(Image-backed grounding data)
+===+

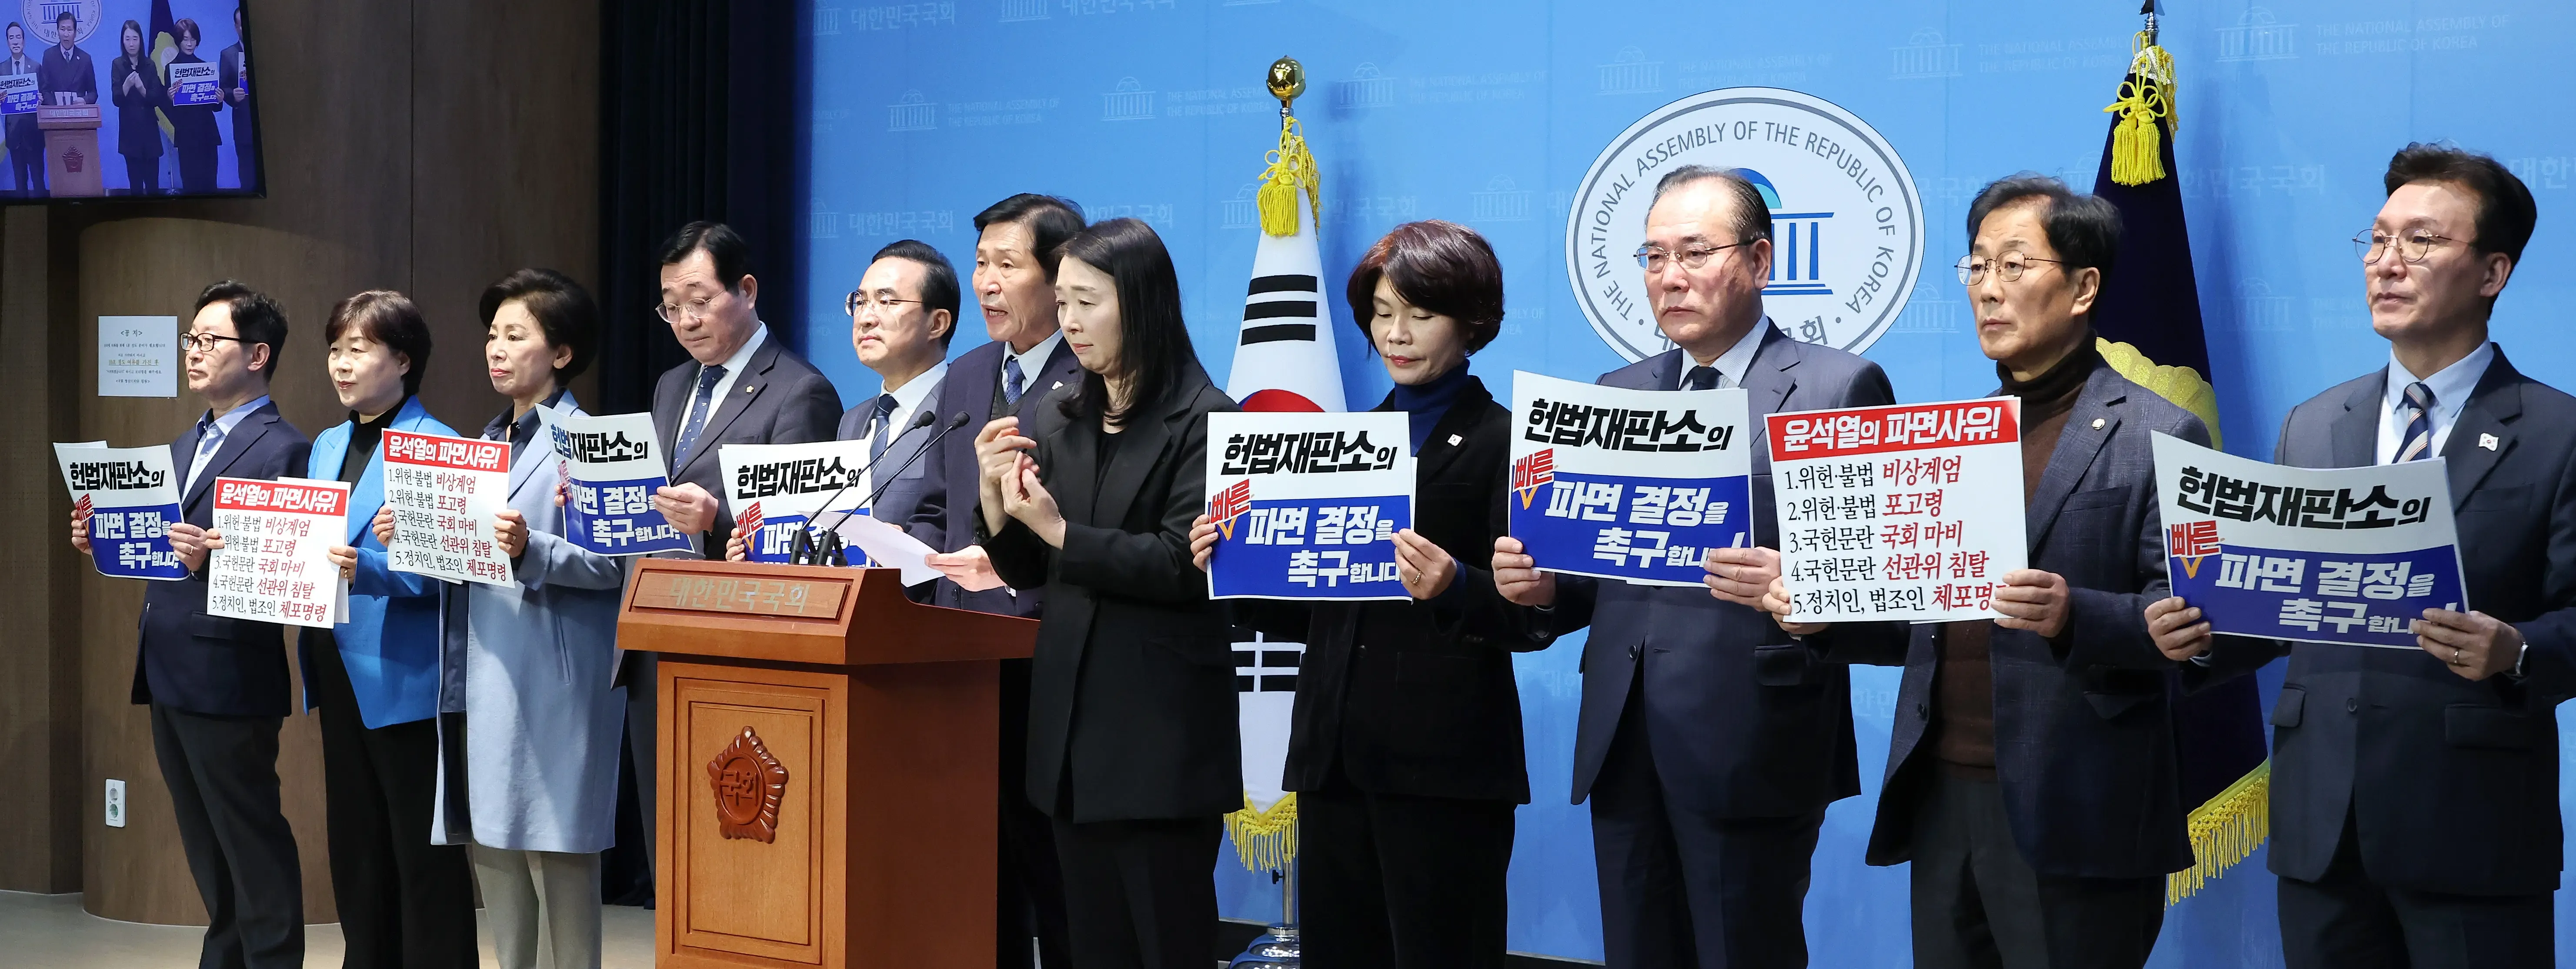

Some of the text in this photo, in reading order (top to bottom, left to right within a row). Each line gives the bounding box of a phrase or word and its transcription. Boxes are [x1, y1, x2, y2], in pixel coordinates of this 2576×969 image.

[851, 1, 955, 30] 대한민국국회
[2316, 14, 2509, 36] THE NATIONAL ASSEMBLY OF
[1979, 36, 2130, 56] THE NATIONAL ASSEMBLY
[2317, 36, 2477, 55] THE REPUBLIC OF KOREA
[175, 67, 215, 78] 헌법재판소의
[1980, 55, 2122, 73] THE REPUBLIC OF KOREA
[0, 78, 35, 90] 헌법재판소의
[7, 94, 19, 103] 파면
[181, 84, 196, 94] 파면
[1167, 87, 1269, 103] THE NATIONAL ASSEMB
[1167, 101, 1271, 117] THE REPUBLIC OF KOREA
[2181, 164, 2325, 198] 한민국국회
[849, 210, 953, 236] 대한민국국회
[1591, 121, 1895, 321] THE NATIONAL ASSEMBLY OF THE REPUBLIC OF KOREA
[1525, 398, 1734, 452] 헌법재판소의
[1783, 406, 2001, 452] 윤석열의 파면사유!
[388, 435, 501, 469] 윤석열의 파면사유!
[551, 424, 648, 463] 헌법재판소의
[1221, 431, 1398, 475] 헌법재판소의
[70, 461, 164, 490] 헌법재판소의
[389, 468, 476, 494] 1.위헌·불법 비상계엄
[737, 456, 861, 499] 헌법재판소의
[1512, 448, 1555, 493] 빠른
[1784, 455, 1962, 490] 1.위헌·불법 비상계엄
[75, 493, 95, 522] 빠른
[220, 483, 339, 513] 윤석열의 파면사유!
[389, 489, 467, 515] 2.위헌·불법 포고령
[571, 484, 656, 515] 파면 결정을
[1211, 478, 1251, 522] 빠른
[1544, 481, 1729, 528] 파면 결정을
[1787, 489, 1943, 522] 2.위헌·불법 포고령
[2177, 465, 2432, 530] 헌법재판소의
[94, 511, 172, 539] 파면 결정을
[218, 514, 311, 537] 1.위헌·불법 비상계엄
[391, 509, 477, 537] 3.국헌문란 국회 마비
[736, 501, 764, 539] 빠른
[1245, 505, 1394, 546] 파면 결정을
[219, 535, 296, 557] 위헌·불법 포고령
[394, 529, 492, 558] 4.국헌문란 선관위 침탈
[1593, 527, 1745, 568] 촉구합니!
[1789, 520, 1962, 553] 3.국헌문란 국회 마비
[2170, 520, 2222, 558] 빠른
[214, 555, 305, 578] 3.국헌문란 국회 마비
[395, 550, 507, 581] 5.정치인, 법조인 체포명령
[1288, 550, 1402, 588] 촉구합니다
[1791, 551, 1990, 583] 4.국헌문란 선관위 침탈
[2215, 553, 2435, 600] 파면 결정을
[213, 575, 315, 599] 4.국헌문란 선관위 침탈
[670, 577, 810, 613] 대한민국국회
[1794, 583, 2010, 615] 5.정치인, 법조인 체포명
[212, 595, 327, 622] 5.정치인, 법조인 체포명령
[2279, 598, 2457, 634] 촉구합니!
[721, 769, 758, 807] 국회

+===+

Exercise instructions =
Write out every entry above exactly, minus the pictures.

Solution for this problem =
Some of the text in this photo, in reading order (top to bottom, left to right within a row). Each line gives the bounding box of a phrase or word and its transcription. Boxes are [x1, y1, x2, y2], in pixel coordinates of this 2576×969 image.

[851, 1, 955, 30] 대한민국국회
[2316, 14, 2509, 36] THE NATIONAL ASSEMBLY OF
[1979, 36, 2130, 56] THE NATIONAL ASSEMBLY
[2317, 36, 2477, 55] THE REPUBLIC OF KOREA
[175, 67, 215, 78] 헌법재판소의
[1980, 55, 2122, 73] THE REPUBLIC OF KOREA
[0, 78, 35, 90] 헌법재판소의
[7, 94, 19, 103] 파면
[181, 84, 196, 94] 파면
[1167, 87, 1269, 103] THE NATIONAL ASSEMB
[1167, 101, 1271, 117] THE REPUBLIC OF KOREA
[2181, 164, 2325, 198] 한민국국회
[849, 210, 953, 236] 대한민국국회
[1591, 121, 1895, 321] THE NATIONAL ASSEMBLY OF THE REPUBLIC OF KOREA
[1525, 398, 1734, 452] 헌법재판소의
[1783, 406, 2001, 452] 윤석열의 파면사유!
[388, 435, 501, 469] 윤석열의 파면사유!
[551, 424, 648, 463] 헌법재판소의
[1221, 431, 1398, 475] 헌법재판소의
[70, 461, 164, 490] 헌법재판소의
[389, 468, 476, 494] 1.위헌·불법 비상계엄
[737, 456, 861, 499] 헌법재판소의
[1512, 448, 1555, 493] 빠른
[1784, 455, 1962, 490] 1.위헌·불법 비상계엄
[75, 493, 95, 522] 빠른
[220, 483, 339, 513] 윤석열의 파면사유!
[389, 489, 467, 515] 2.위헌·불법 포고령
[571, 484, 656, 515] 파면 결정을
[1211, 478, 1251, 522] 빠른
[1544, 481, 1729, 528] 파면 결정을
[1787, 489, 1943, 522] 2.위헌·불법 포고령
[2177, 465, 2432, 530] 헌법재판소의
[94, 511, 172, 539] 파면 결정을
[218, 514, 311, 537] 1.위헌·불법 비상계엄
[391, 509, 477, 537] 3.국헌문란 국회 마비
[736, 501, 764, 539] 빠른
[1245, 505, 1394, 546] 파면 결정을
[219, 535, 296, 557] 위헌·불법 포고령
[394, 529, 492, 558] 4.국헌문란 선관위 침탈
[1593, 527, 1745, 568] 촉구합니!
[1789, 520, 1962, 553] 3.국헌문란 국회 마비
[2170, 520, 2222, 558] 빠른
[214, 555, 305, 578] 3.국헌문란 국회 마비
[395, 550, 507, 581] 5.정치인, 법조인 체포명령
[1288, 550, 1402, 588] 촉구합니다
[1791, 551, 1990, 583] 4.국헌문란 선관위 침탈
[2215, 553, 2435, 600] 파면 결정을
[213, 575, 315, 599] 4.국헌문란 선관위 침탈
[670, 577, 810, 613] 대한민국국회
[1794, 583, 2010, 615] 5.정치인, 법조인 체포명
[212, 595, 327, 622] 5.정치인, 법조인 체포명령
[2279, 598, 2457, 634] 촉구합니!
[721, 769, 758, 807] 국회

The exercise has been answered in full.